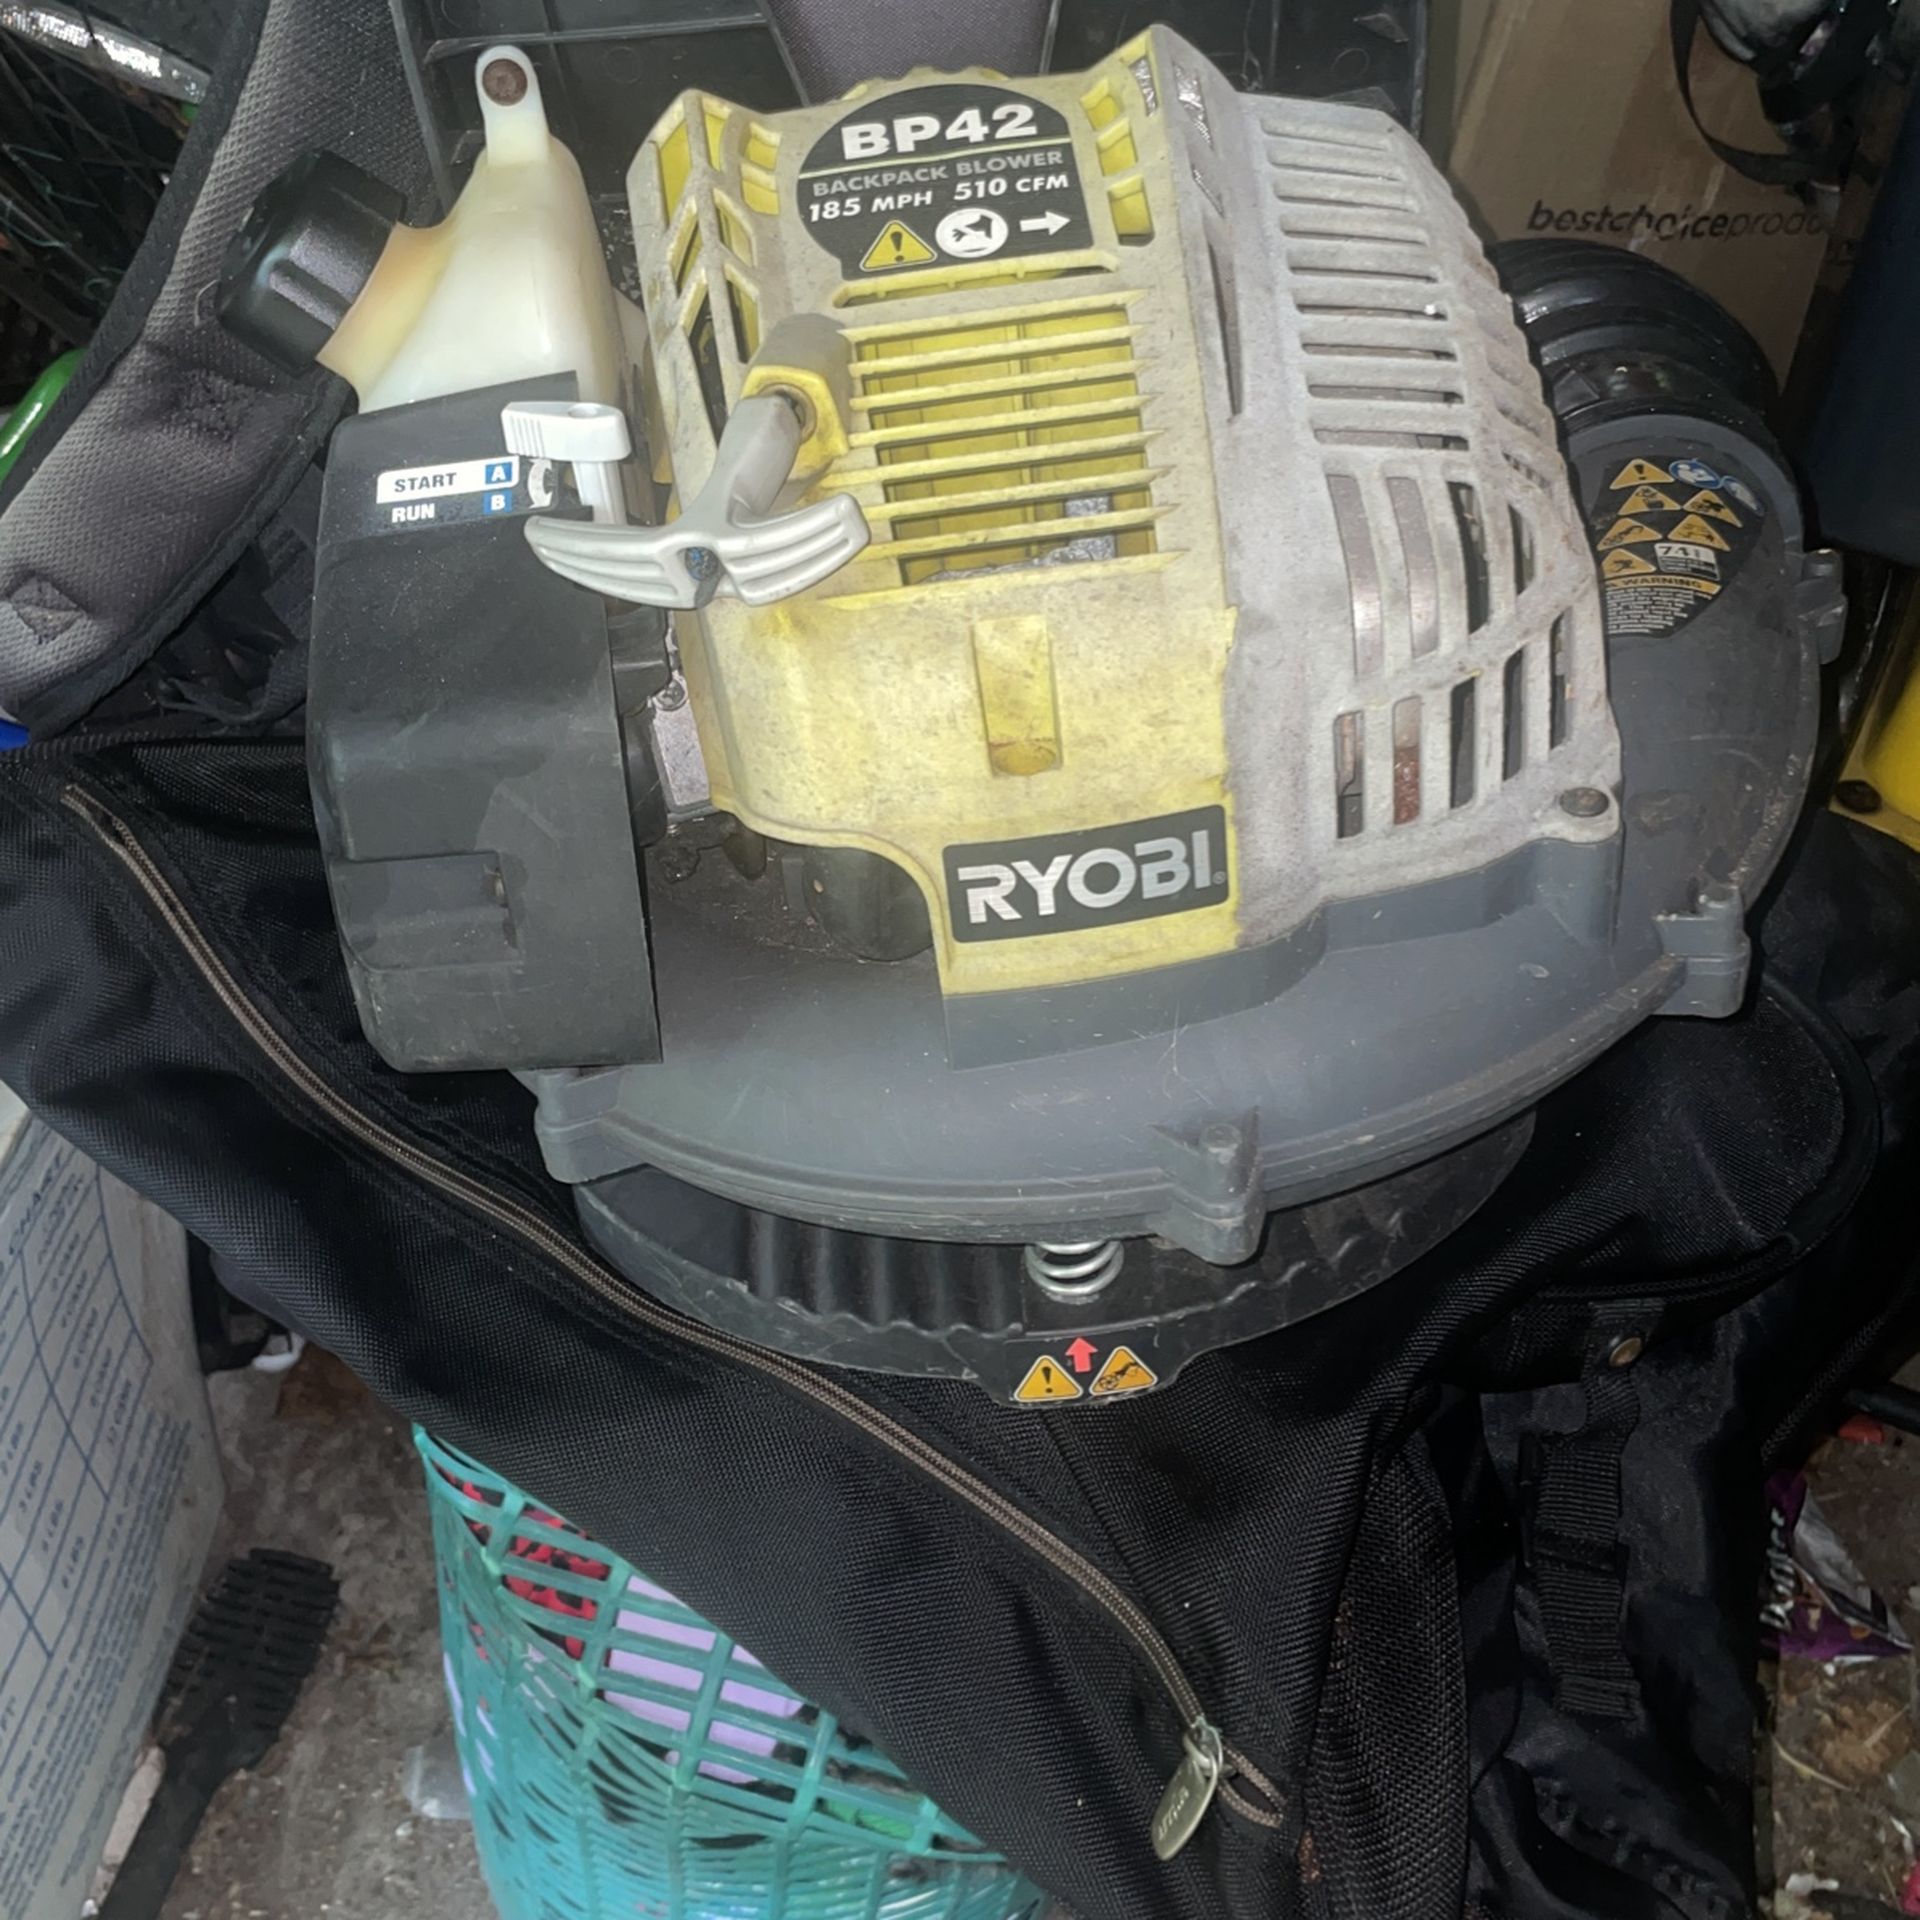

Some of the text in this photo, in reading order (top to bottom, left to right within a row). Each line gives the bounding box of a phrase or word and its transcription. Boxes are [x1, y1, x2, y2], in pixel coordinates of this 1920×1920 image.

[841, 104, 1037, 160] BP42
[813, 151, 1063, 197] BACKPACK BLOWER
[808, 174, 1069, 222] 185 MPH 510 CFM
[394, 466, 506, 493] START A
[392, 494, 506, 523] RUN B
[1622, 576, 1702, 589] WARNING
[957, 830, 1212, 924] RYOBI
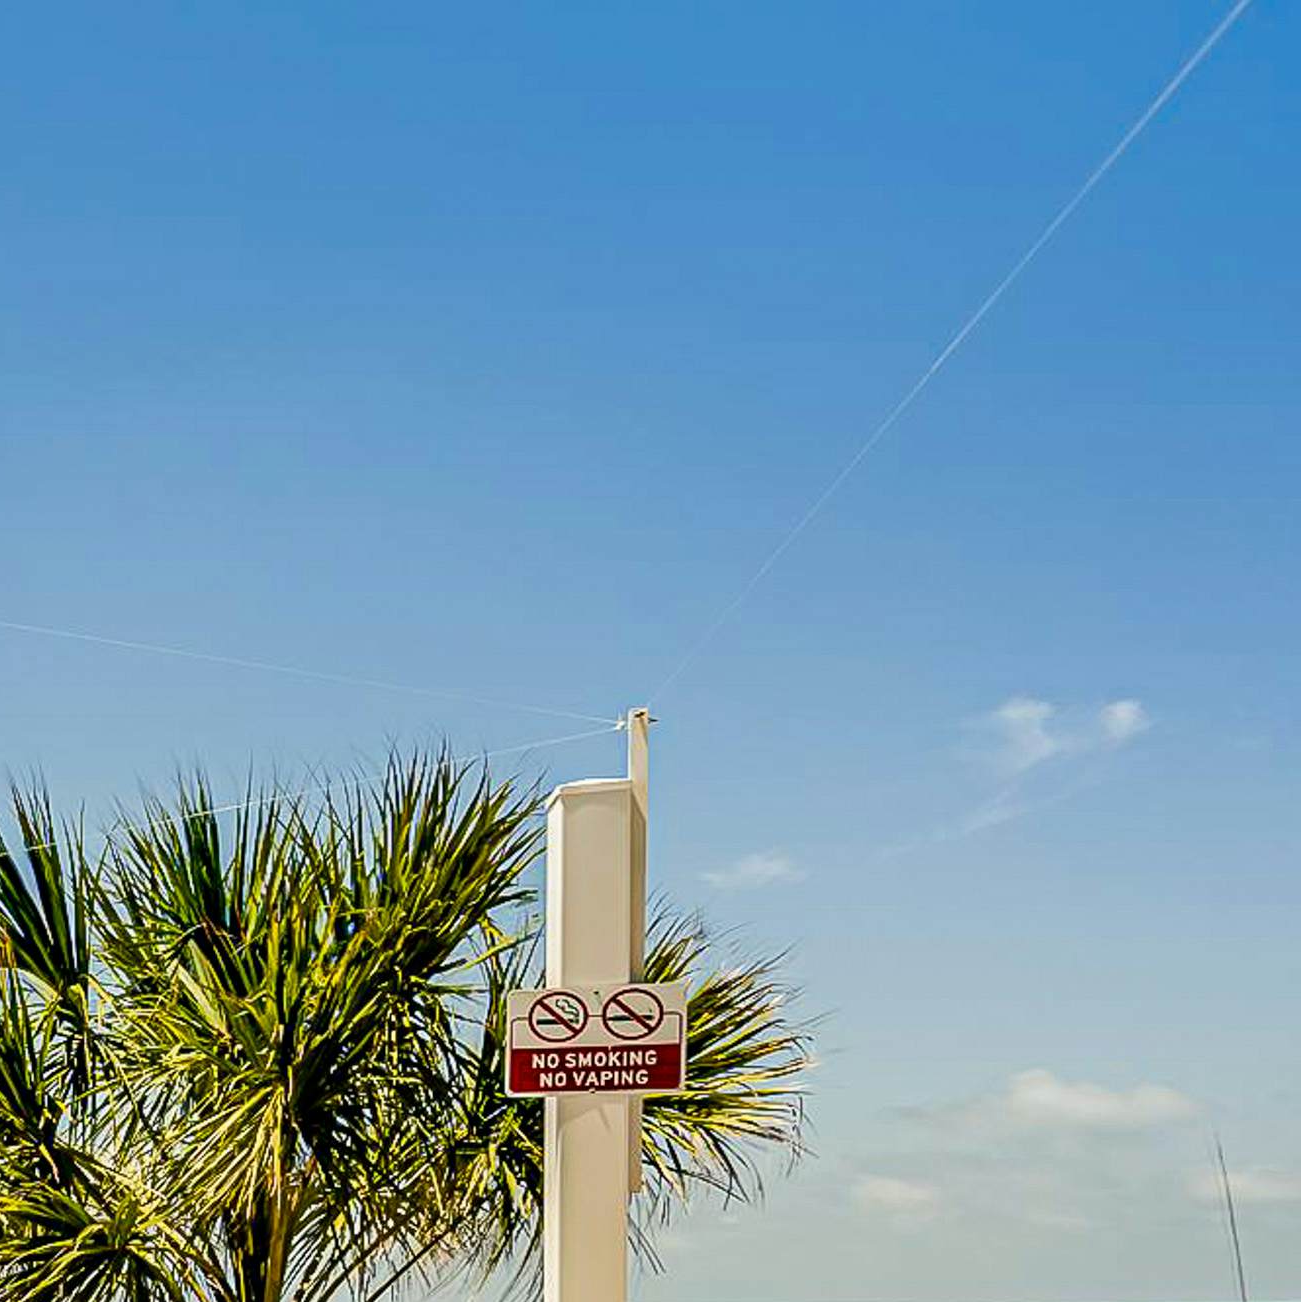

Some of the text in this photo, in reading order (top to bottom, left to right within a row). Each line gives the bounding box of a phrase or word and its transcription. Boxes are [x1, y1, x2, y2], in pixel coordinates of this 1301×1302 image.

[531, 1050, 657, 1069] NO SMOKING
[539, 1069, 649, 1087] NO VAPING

■ Your goal
Retype the records in full, exactly as given, and omit the pictures.

■ Exercise response
Some of the text in this photo, in reading order (top to bottom, left to right within a row). Each line gives the bounding box of a phrase or word and its transcription. Boxes are [x1, y1, x2, y2], in pixel coordinates of this 1920×1920 image.

[841, 104, 1037, 160] BP42
[813, 151, 1063, 197] BACKPACK BLOWER
[808, 174, 1069, 222] 185 MPH 510 CFM
[394, 466, 506, 493] START A
[392, 494, 506, 523] RUN B
[1622, 576, 1702, 589] WARNING
[957, 830, 1212, 924] RYOBI

Some of the text in this photo, in reading order (top to bottom, left to right within a row). Each line gives the bounding box of a phrase or word and its transcription. Boxes are [x1, y1, x2, y2], in pixel coordinates of this 1301×1302 image.

[531, 1050, 657, 1069] NO SMOKING
[539, 1069, 649, 1087] NO VAPING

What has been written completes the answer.